→ Your objective:
Restate the following data in its entirety, word for word and without images.
(Available data Opens)
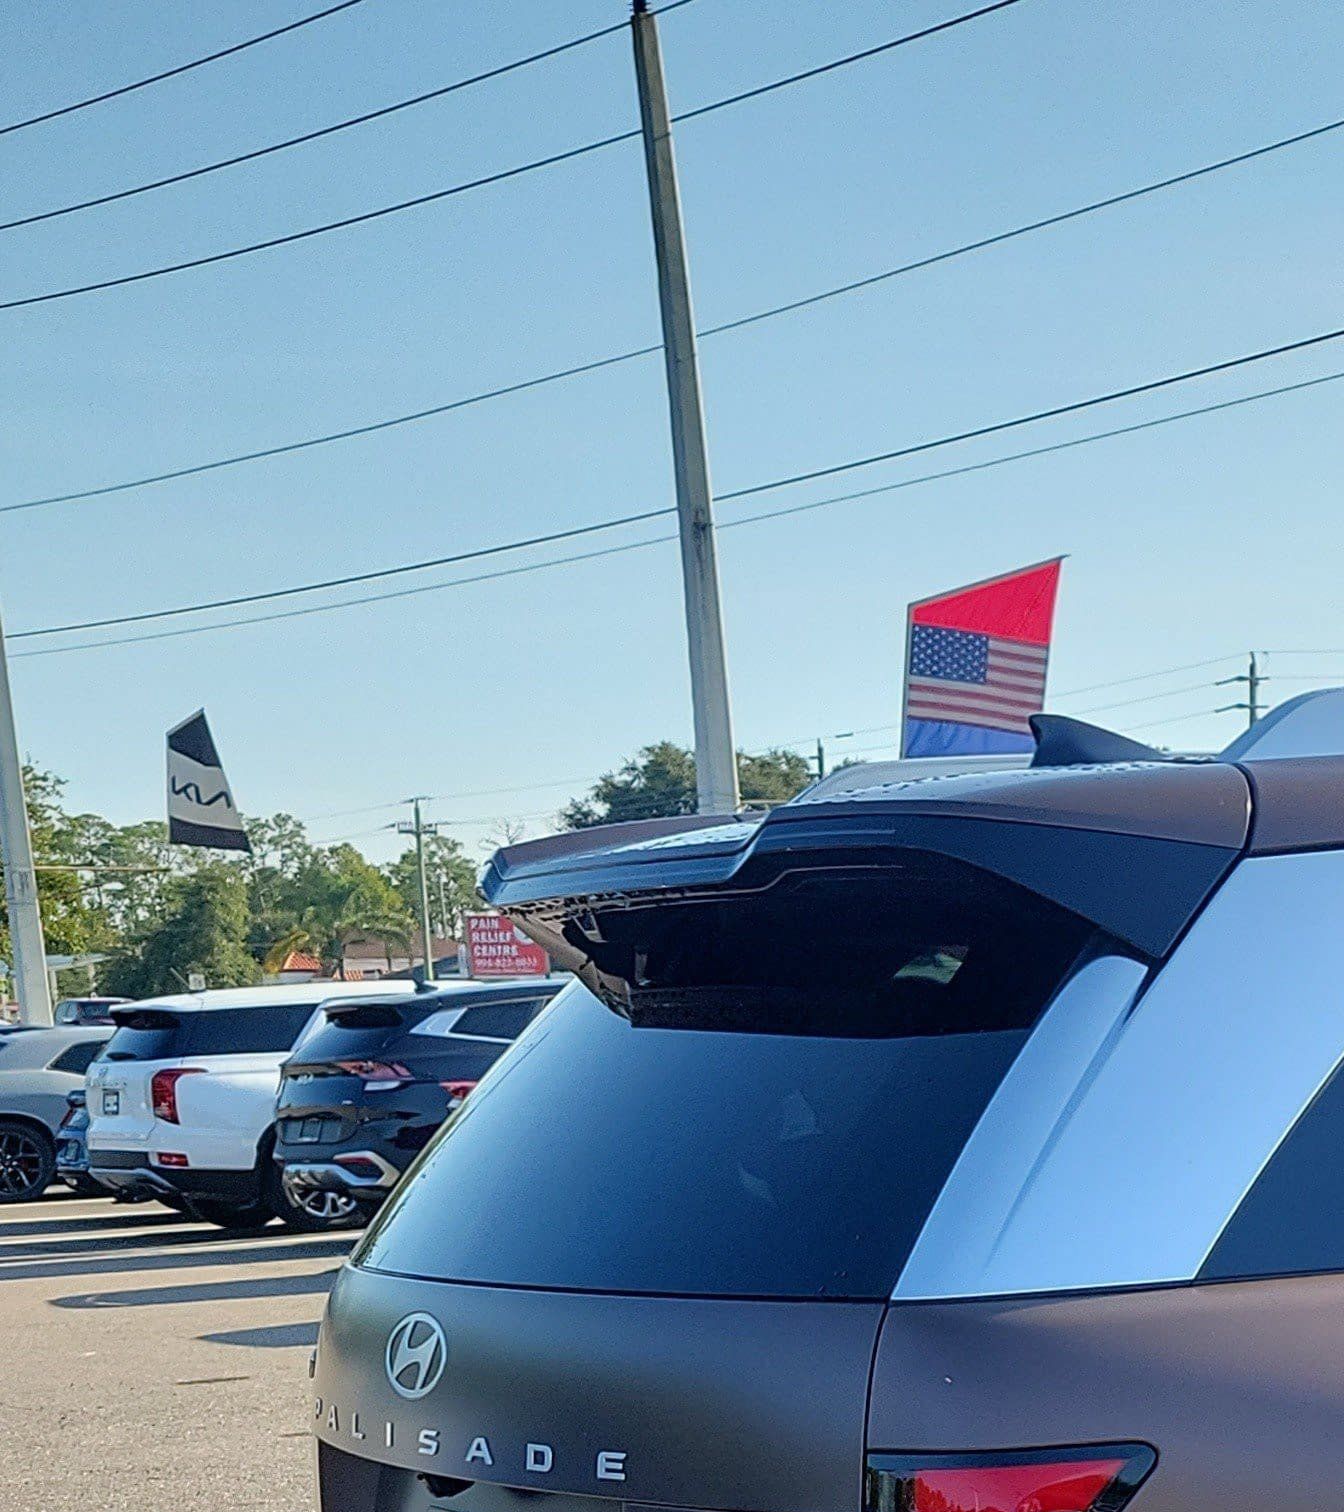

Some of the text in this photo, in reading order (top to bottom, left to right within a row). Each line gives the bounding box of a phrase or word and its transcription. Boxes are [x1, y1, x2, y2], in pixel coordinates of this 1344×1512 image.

[171, 775, 232, 809] KIA
[470, 917, 499, 930] PAIN
[471, 931, 512, 943] RELIEF
[473, 944, 518, 957] CENTRE
[315, 1397, 627, 1481] PALISADE
(Available data Closes)
→ Response to the task:
Some of the text in this photo, in reading order (top to bottom, left to right within a row). Each line gives the bounding box of a phrase or word and its transcription. Boxes are [x1, y1, x2, y2], in pixel coordinates of this 1344×1512 image.

[171, 775, 232, 809] KIA
[470, 917, 499, 930] PAIN
[471, 931, 512, 943] RELIEF
[473, 944, 518, 957] CENTRE
[315, 1397, 627, 1481] PALISADE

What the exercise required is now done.